Gli alunni adottano quattro tartarughe caretta caretta

Gli alunni della scuola elementare John Dewey – plesso di Portocannone – hanno deciso di adottare quattro tartarughe della specie caretta caretta.

La decisione è stata presa dagli alunni dopo l’incontro avuto con i volontari di Ambiente Basso Molise il 23 novembre scorso, in cui si è parlato di biodiversità e dell’importanza di tutelare le tartarughe marine. Infatti, ogni anno in Italia tantissime tartarughe caretta caretta muoiono a causa di catture accidentali, ingestione di plastica e traffico nautico.

La donazione è stata effettuata al Centro di Recupero e Riabilitazione Tartarughe Marine “Luigi Cagnolaro” di Pescara che da sempre si distingue per il recupero e salvataggio delle tartarughe marine, e che sono gli stessi che si sono impegnati durante l’eccezionale evento della nascita della caretta caretta in Molise.

“Le sette specie di tartaruga marina che abitano i nostri mari e gli oceani sono fortemente minacciate dall’uomo. La cementificazione, il degrado delle coste e dei litorali prescelti per la nidificazione e soprattutto l’impatto con i sistemi di pesca costituiscono le principali minacce per questa specie, basti pensare alle reti a strascico, gli ami dei palangari e le reti fisse, dalle quali un gran numero di tartarughe viene catturato accidentalmente, causando la morte di migliaia di tartarughe l’anno. Decine di tartarughe ferite vengono soccorse e accolte nel centro recupero di Pescara dove vengono curate e poi liberate.

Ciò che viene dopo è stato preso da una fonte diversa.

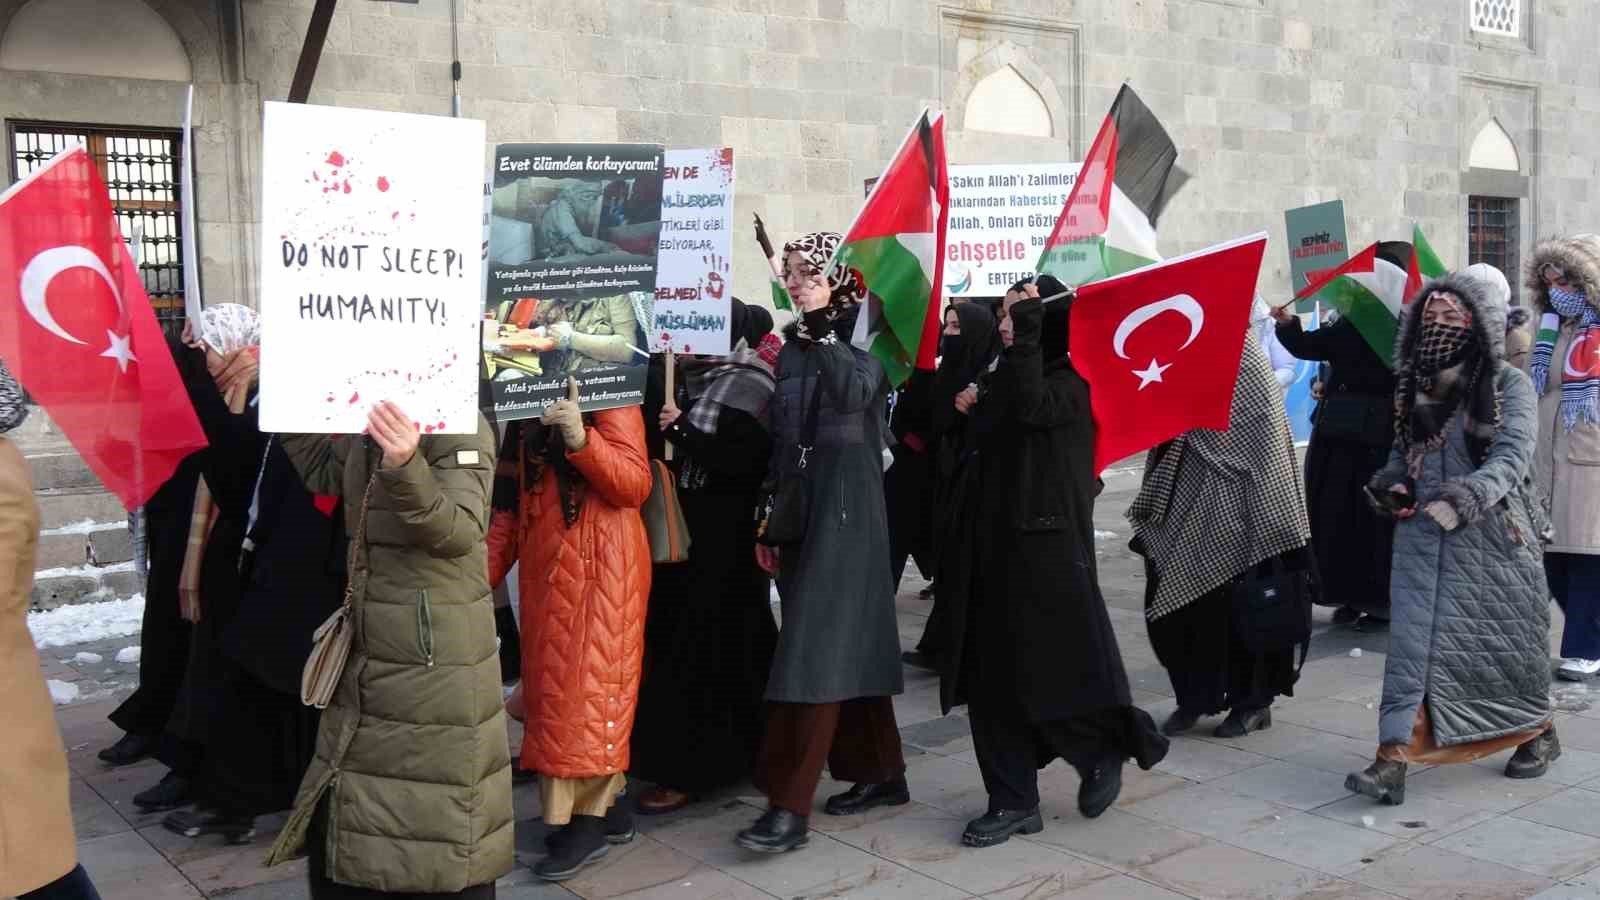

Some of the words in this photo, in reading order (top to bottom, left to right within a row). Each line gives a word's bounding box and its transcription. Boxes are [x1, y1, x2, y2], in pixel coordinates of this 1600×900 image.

[500, 156, 529, 171] Evet
[533, 155, 583, 171] ölümden
[586, 155, 659, 174] korkuyorum!
[683, 166, 699, 179] DE
[1009, 193, 1058, 207] Habersiz
[988, 216, 1024, 228] Onları
[282, 240, 308, 268] DO
[321, 245, 369, 271] NOT
[381, 246, 463, 278] SLEEP!
[948, 240, 1025, 267] ehşetle
[299, 293, 446, 326] HUMANITY!
[655, 310, 726, 331] MÜSLÜMAN
[528, 379, 560, 393] yolunda
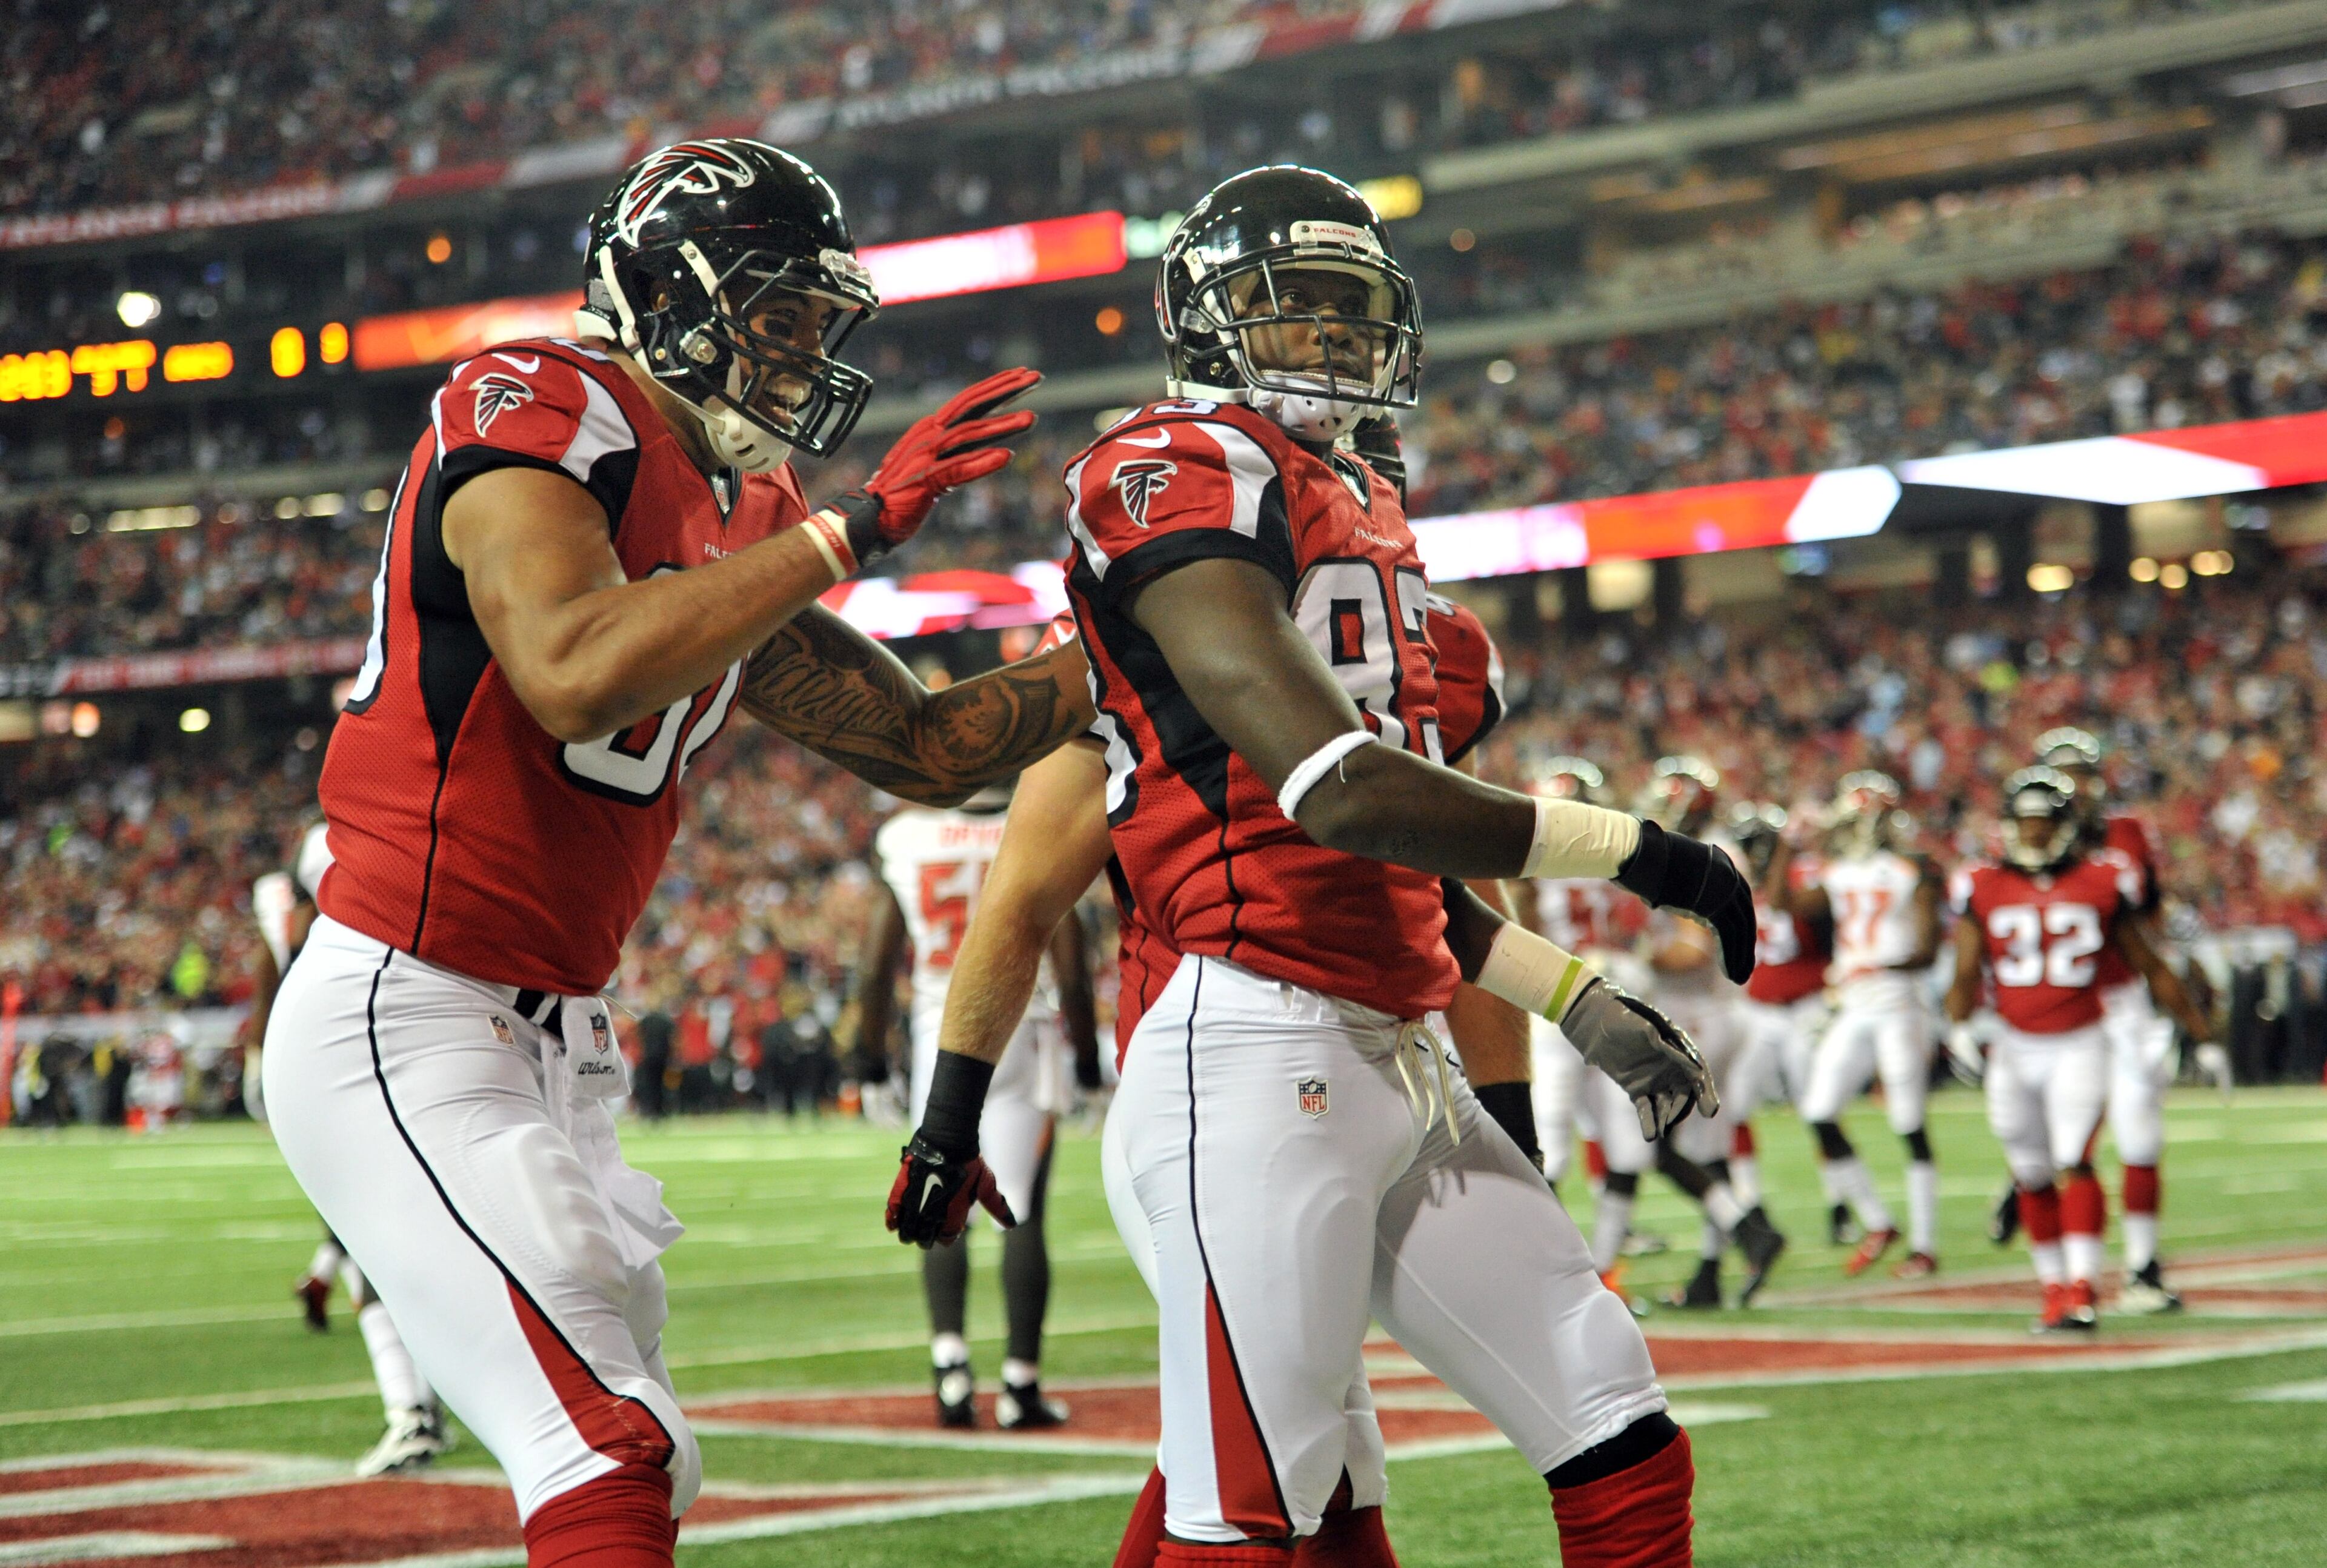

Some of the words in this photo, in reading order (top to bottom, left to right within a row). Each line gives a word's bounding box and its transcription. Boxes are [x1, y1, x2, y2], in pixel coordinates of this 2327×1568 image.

[1313, 228, 1356, 238] FALCONS
[1354, 526, 1404, 548] FALCONS
[704, 542, 732, 559] FALC
[1988, 902, 2105, 988] 32
[1302, 1095, 1325, 1112] NFL

I giovani allievi – proseguono dall’associazione ambientalista – hanno dimostrato tanta maturità adottando le tartarughe, un gesto inaspettato che fa capire che i ragazzi hanno apprezzato la lezione dei volontari di ABM e non solo. Con questo gesto hanno capito che la Flora e la Fauna vanno rispettate e difese giorno per giorno. Adottare una tartaruga significa soprattutto rispetto per sè e per gli altri.

I nostri complimenti per bellissimo gesto agli alunni ed un plauso particolare al Dirigente scolastico e tutte le insegnanti”.